→ **Aim of the exercise**
Pull every line holding the string "Gyprock" from the records below.

* * *

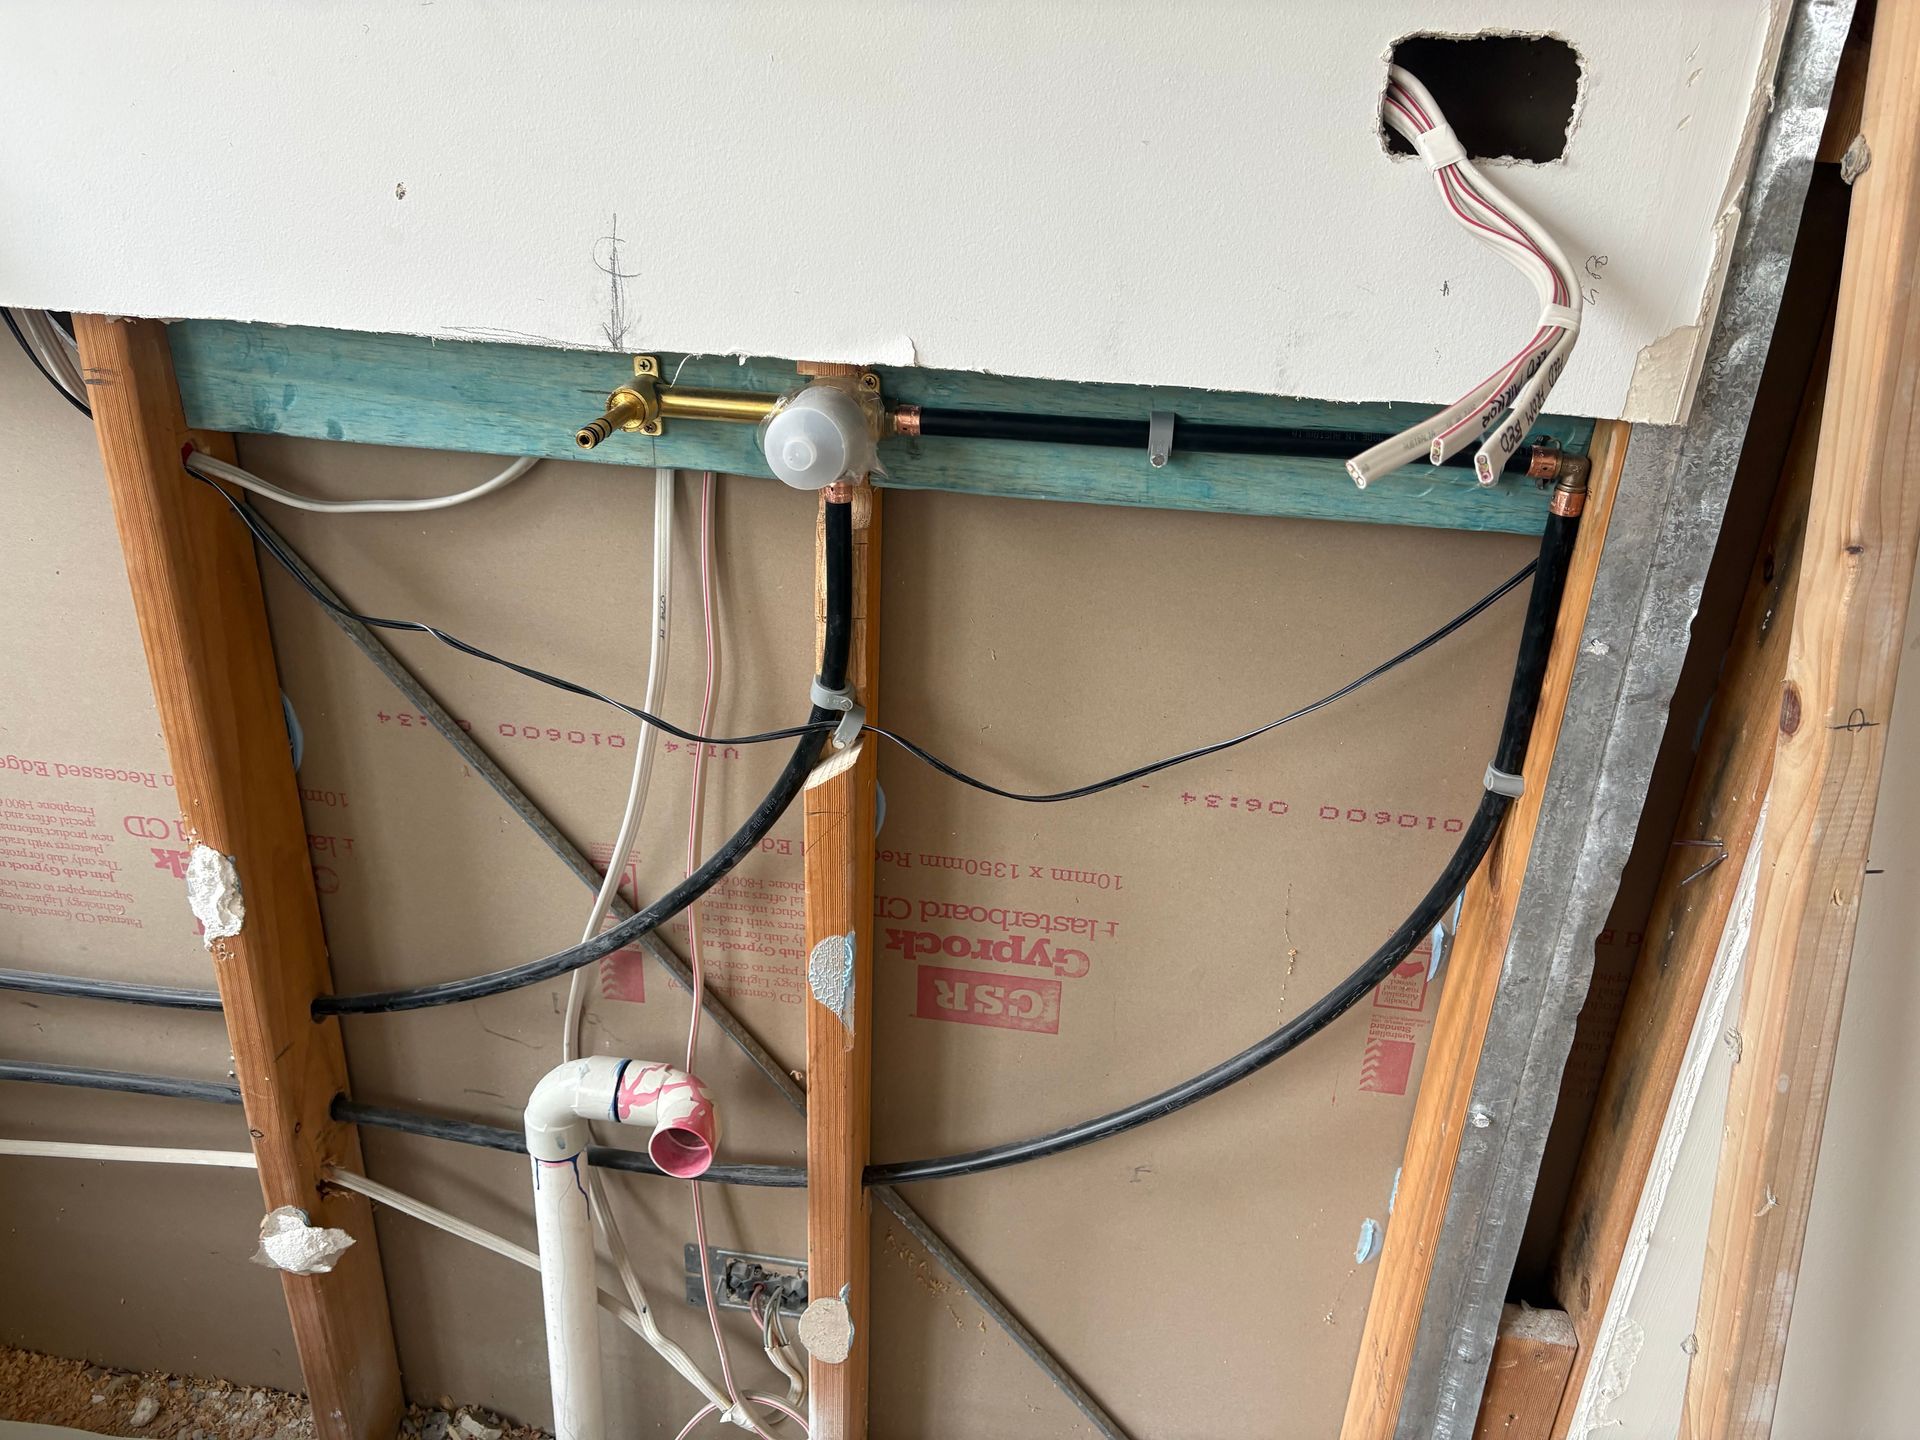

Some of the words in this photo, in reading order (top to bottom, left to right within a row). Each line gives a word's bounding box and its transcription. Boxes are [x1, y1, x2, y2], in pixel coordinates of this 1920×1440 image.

[1500, 418, 1523, 453] BED
[377, 710, 470, 734] 0:34
[499, 722, 625, 748] 010600
[54, 762, 157, 788] Recessed
[302, 789, 348, 808] 10m
[1181, 792, 1287, 816] 06:34
[4, 810, 24, 820] and
[38, 802, 94, 817] Freephone
[26, 814, 57, 826] offers
[60, 816, 95, 828] special
[1320, 806, 1462, 833] 010600
[0, 824, 44, 837] informa
[46, 828, 88, 840] product
[123, 816, 168, 840] CD
[27, 838, 52, 849] with
[90, 834, 113, 842] new
[54, 842, 103, 856] plasterers
[28, 850, 44, 862] for
[46, 854, 68, 864] club
[71, 854, 95, 866] only
[8, 861, 60, 876] Gyprock
[98, 860, 121, 871] The
[920, 853, 1019, 880] 1350mm
[62, 868, 87, 879] club
[90, 870, 114, 882] Join
[1028, 866, 1042, 879] x
[18, 880, 40, 890] core
[730, 876, 764, 888] 1-800
[1050, 868, 1122, 890] 10mm
[42, 884, 53, 892] to
[56, 884, 88, 895] paper
[25, 892, 62, 907] Lighter
[726, 890, 748, 900] and
[750, 892, 786, 904] offers
[75, 912, 95, 923] CD
[97, 914, 143, 928] Patented
[714, 914, 743, 926] trade
[746, 918, 774, 929] with
[672, 923, 741, 938] professnal
[745, 931, 761, 942] for
[763, 934, 789, 944] club
[716, 941, 775, 956] Gyprock
[778, 948, 805, 958] club
[884, 928, 1089, 978] Gyprock
[724, 960, 748, 970] core
[750, 964, 763, 972] to
[767, 964, 798, 976] paper
[728, 974, 768, 987] Lighter
[780, 994, 801, 1004] CD
[934, 980, 1043, 1020] CSR
[1369, 1028, 1414, 1040] Australian
[1370, 1022, 1411, 1034] Standard

* * *

→ **Exercise result**
[8, 861, 60, 876] Gyprock
[716, 941, 775, 956] Gyprock
[884, 928, 1089, 978] Gyprock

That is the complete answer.